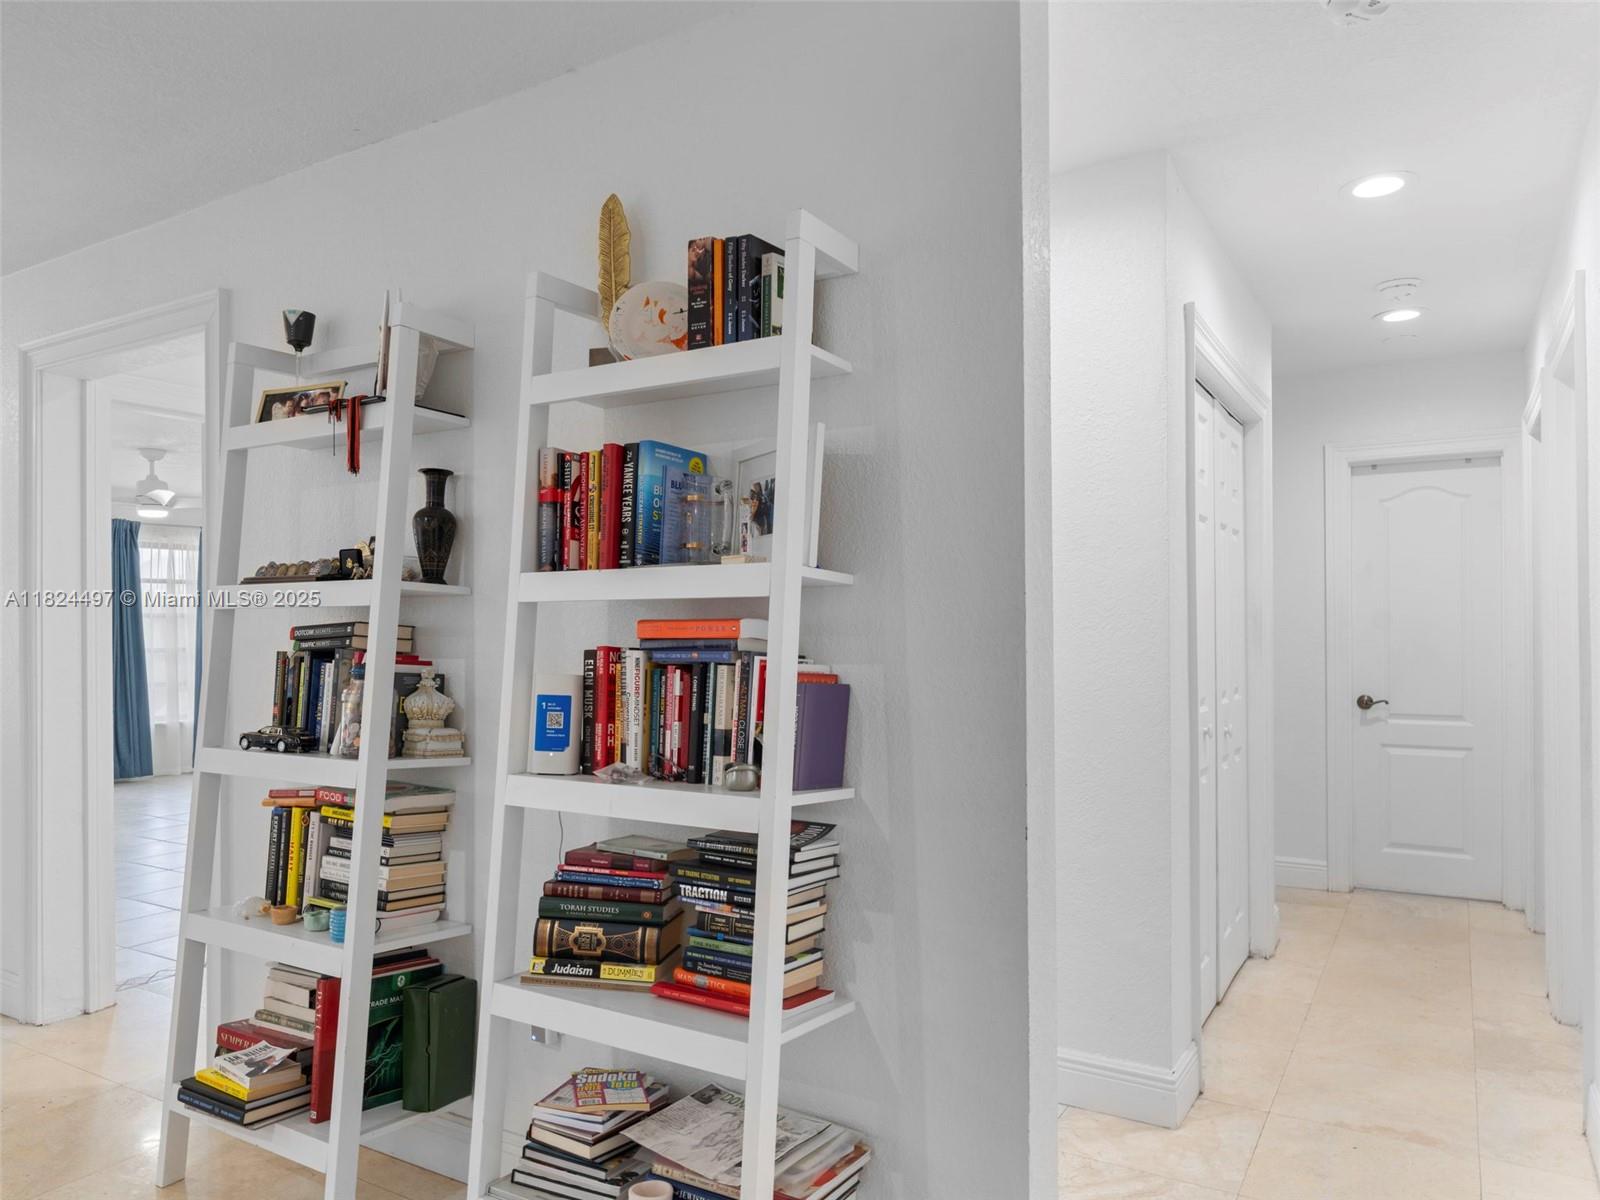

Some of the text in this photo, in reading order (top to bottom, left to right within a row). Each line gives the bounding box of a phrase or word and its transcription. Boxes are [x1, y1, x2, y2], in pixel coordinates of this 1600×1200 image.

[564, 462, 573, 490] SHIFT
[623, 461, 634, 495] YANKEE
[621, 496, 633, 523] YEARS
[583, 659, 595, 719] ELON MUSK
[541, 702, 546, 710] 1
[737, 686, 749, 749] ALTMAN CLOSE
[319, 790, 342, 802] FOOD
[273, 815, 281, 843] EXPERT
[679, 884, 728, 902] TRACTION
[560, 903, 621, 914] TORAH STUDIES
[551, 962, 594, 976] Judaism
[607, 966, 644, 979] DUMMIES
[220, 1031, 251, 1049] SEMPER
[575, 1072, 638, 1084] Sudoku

══════════════════════════════

Retype the records verbatim, excluding each image they hold.

Some of the text in this photo, in reading order (top to bottom, left to right within a row). Each line gives the bounding box of a phrase or word and its transcription. Boxes are [x1, y1, x2, y2], in pixel coordinates of this 1600×1200 image.

[564, 462, 573, 490] SHIFT
[623, 461, 634, 495] YANKEE
[621, 496, 633, 523] YEARS
[583, 659, 595, 719] ELON MUSK
[541, 702, 546, 710] 1
[737, 686, 749, 749] ALTMAN CLOSE
[319, 790, 342, 802] FOOD
[273, 815, 281, 843] EXPERT
[679, 884, 728, 902] TRACTION
[560, 903, 621, 914] TORAH STUDIES
[551, 962, 594, 976] Judaism
[607, 966, 644, 979] DUMMIES
[220, 1031, 251, 1049] SEMPER
[575, 1072, 638, 1084] Sudoku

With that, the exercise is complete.